Forgent Power Solutions Inc. has filed to go public on the New York Stock Exchange under the ticker symbol FPS, according to a company filing. The proposed offering totals 56 million shares of Class A common stock.
Of the 56 million shares, Forgent Power Solutions will sell 16,586,823 shares. Two selling stockholders identified as Forgent Parent I LP and Forgent Parent IV LP plan to offer the remaining 39,413,177 shares.
The company has indicated an estimated initial public offering price range of $25.00 to $29.00 per share. The filing notes that there is no existing public market for the company’s Class A common stock at this time.

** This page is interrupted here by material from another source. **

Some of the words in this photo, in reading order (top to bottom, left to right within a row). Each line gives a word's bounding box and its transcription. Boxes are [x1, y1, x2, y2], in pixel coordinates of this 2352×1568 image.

Forgent Power Solutions said it intends to use the net proceeds from the shares it sells to purchase common units of Forgent Power Solutions LLC. The LLC subsidiary will use the cash from those unit purchases to redeem units currently held by Forgent Parent II LP and Forgent Parent III LP.

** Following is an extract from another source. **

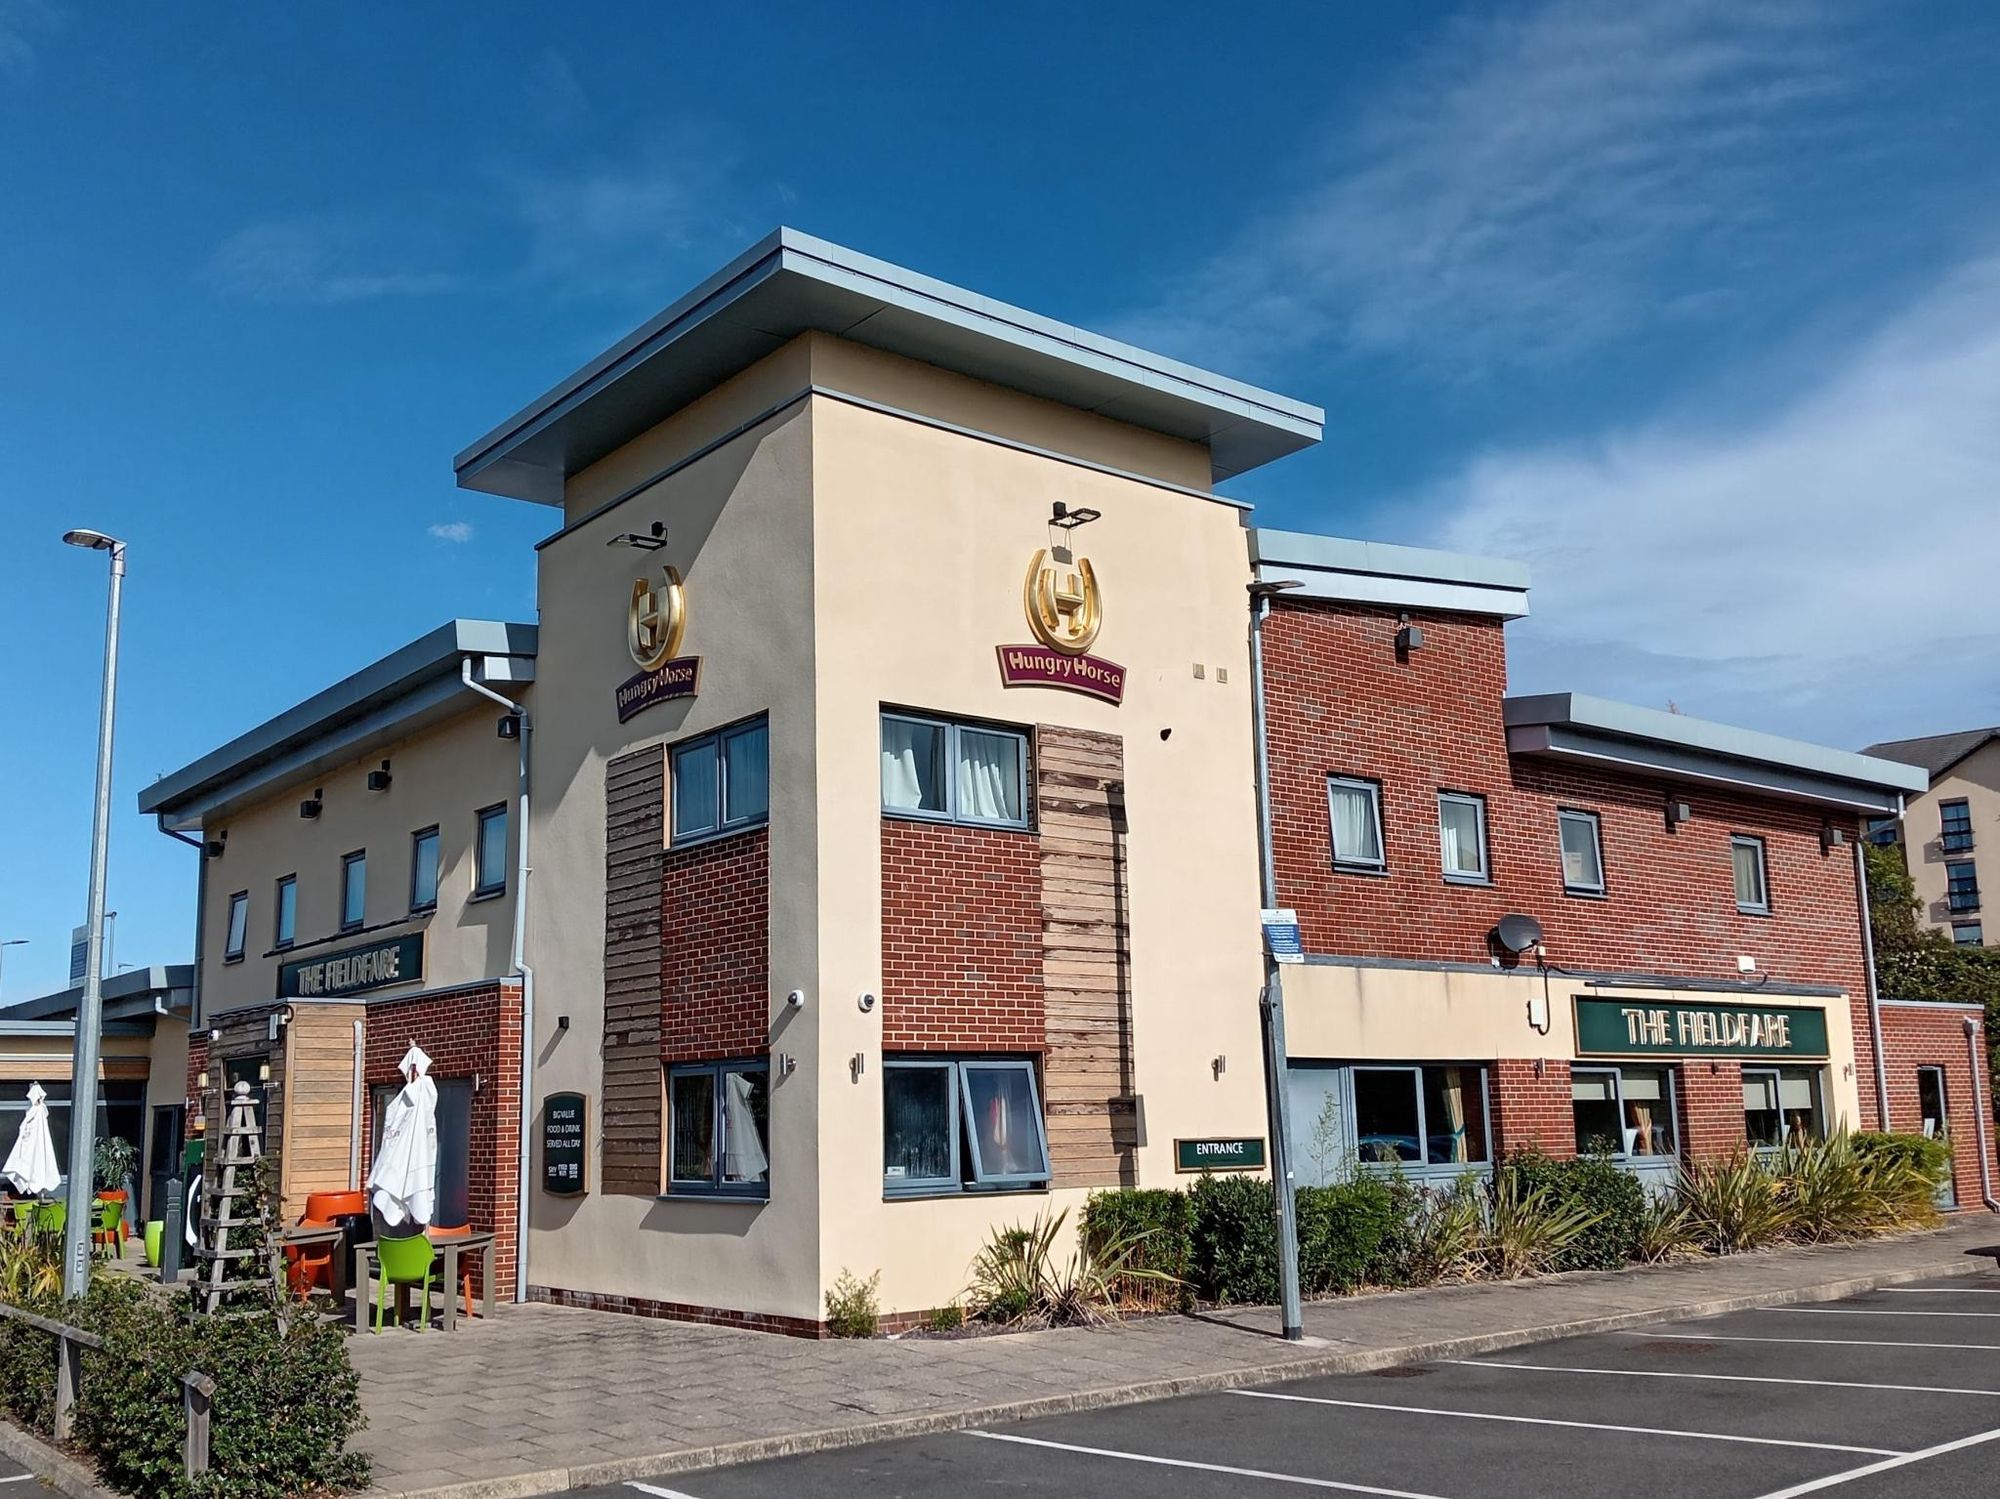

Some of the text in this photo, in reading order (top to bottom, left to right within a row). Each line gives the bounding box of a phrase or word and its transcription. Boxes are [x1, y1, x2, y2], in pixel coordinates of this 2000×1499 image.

[297, 945, 400, 996] THE FIELDFARE
[1621, 1008, 1793, 1049] THE FIELDFARE
[547, 1125, 561, 1134] FOOD
[1196, 1142, 1244, 1155] ENTRANCE

The filing makes clear that Forgent Power Solutions will not receive any proceeds from the shares that the selling stockholders offer. Underwriters on the transaction have an option to buy additional shares. If that overallotment option is exercised in full, the company’s unit purchases could rise to 19,074,846 common units.
Summary of the filing:
- Total offering size: 56,000,000 Class A common shares.

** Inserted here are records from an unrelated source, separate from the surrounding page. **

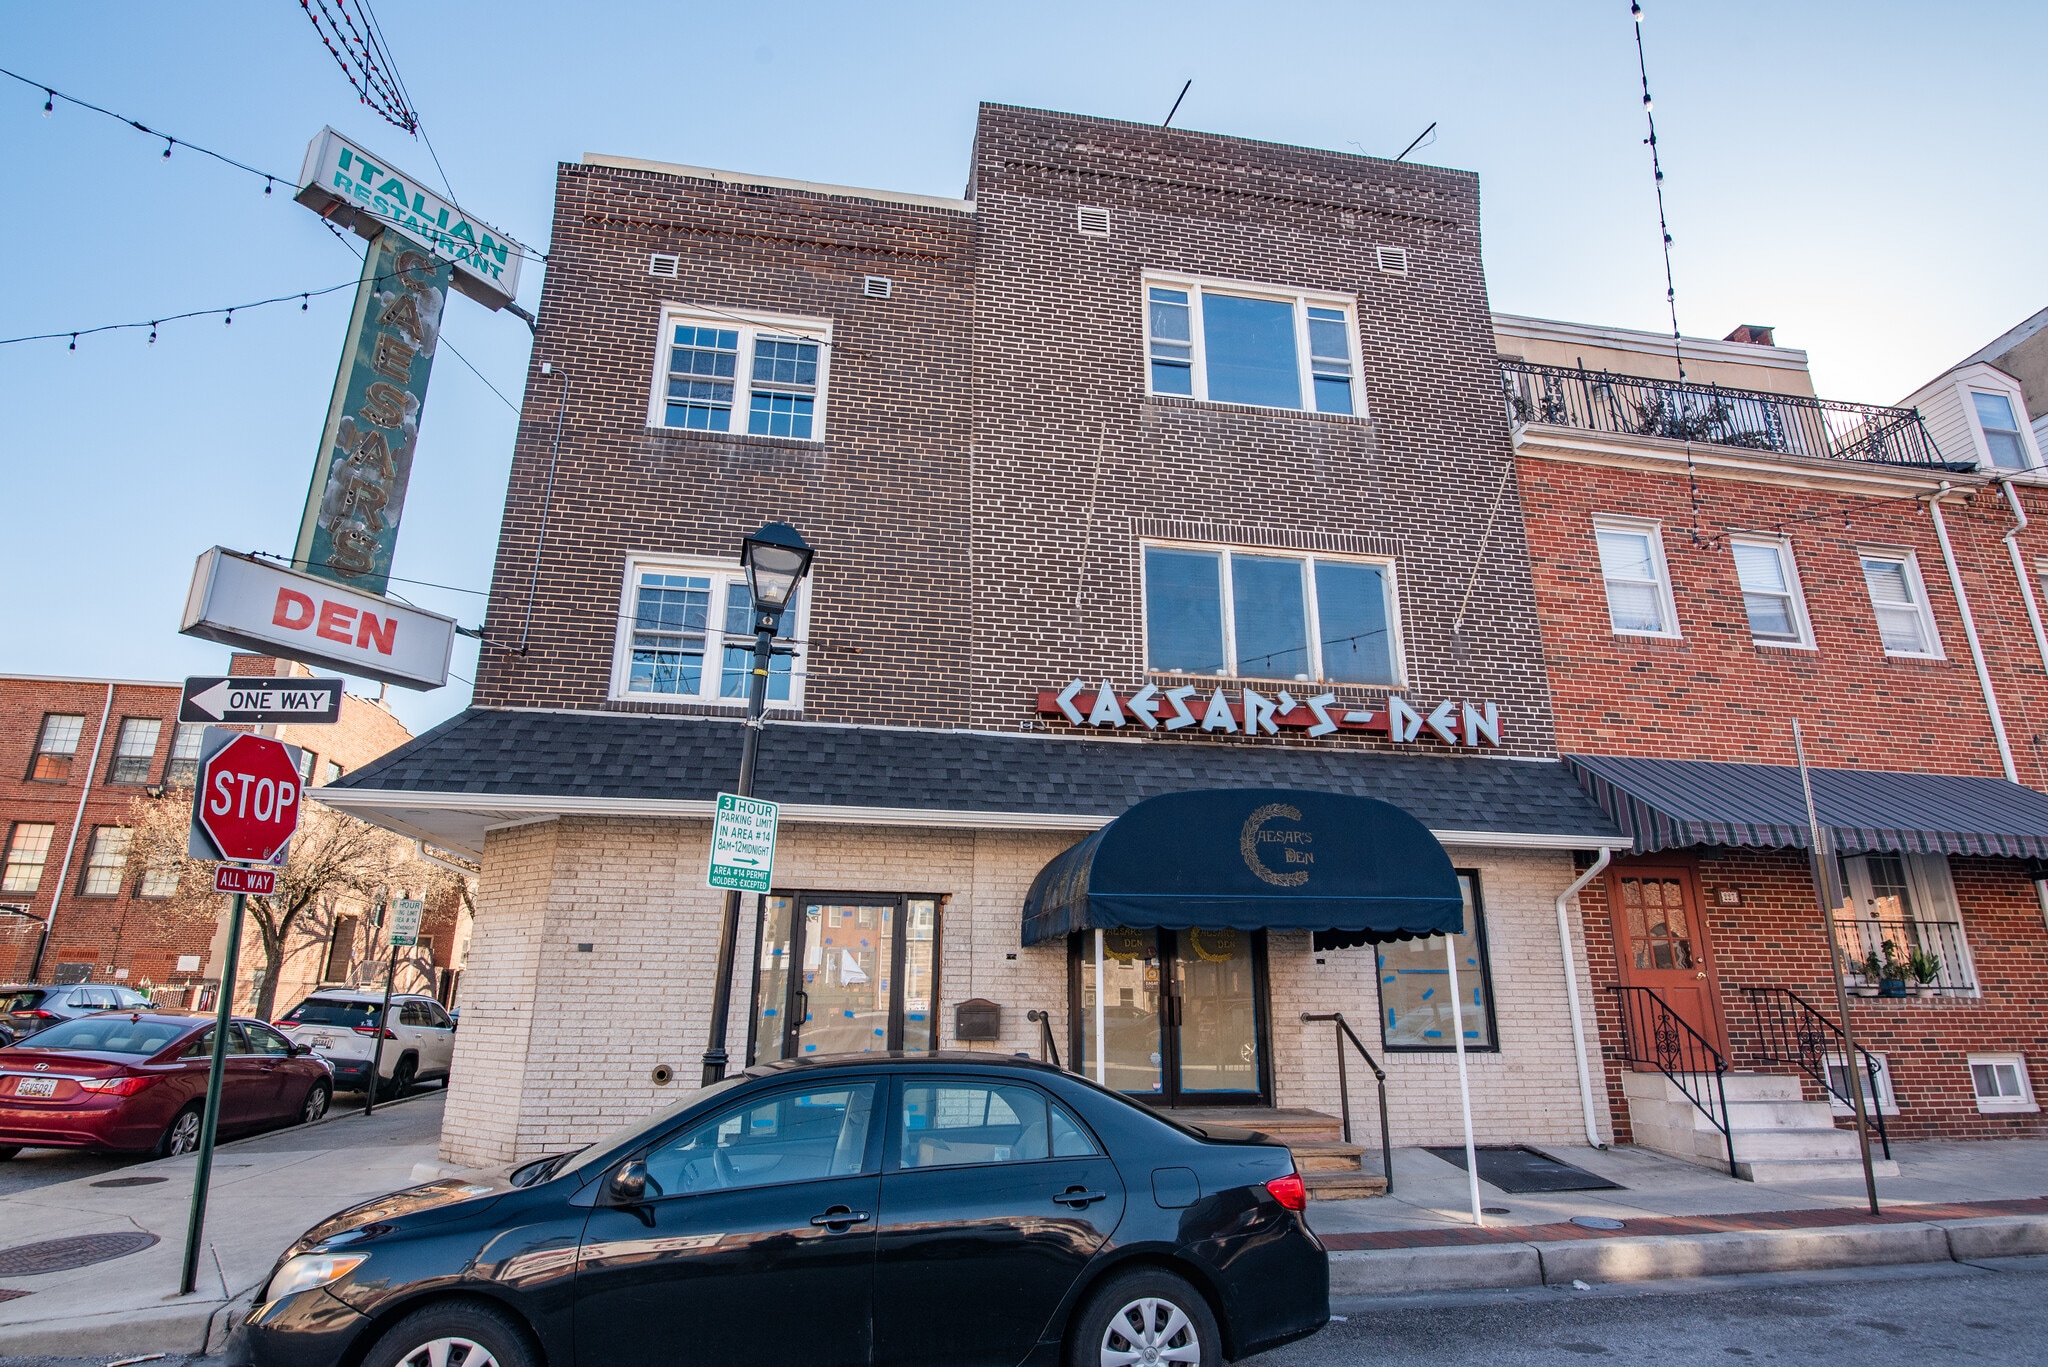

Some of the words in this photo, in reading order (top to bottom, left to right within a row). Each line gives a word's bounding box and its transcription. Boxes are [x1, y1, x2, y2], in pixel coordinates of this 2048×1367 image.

[338, 147, 509, 265] ITALIAN
[333, 170, 504, 281] RESTAURANT
[272, 587, 398, 656] DEN
[230, 692, 273, 709] ONE
[281, 692, 325, 709] WAY
[210, 770, 295, 823] STOP
[723, 797, 732, 809] 3
[738, 801, 773, 817] HOUR
[720, 812, 752, 826] PARKING
[755, 818, 773, 829] LIMIT
[719, 825, 729, 837] IN
[731, 827, 753, 840] AREA
[1285, 847, 1315, 864] DEN
[220, 872, 240, 888] ALL
[247, 874, 271, 890] WAY
[713, 865, 731, 876] AREA
[746, 870, 768, 881] PERMIT
[712, 876, 738, 886] HOLDERS
[739, 879, 767, 890] EXCEPTED
[399, 901, 420, 909] HOUR

- Shares offered by the company: 16,586,823.
- Shares offered by selling stockholders (Forgent Parent I LP and Forgent Parent IV LP): 39,413,177.
- Estimated IPO price range: $25.00 to $29.00 per share.
- No existing public market for the Class A common stock.
- Planned use of company proceeds: purchase of common units of Forgent Power Solutions LLC, with those proceeds used to redeem units held by Forgent Parent II LP and Forgent Parent III LP.
- Underwriters may increase the transaction through an option that, if fully exercised, would increase unit purchases to 19,074,846 common units.
This filing outlines the mechanics of the proposed transaction and the flow of proceeds between the public entity, its LLC subsidiary, and several existing private owners. The document also distinguishes between proceeds the company will receive and the sale of shares by existing holders from which the company will not receive proceeds.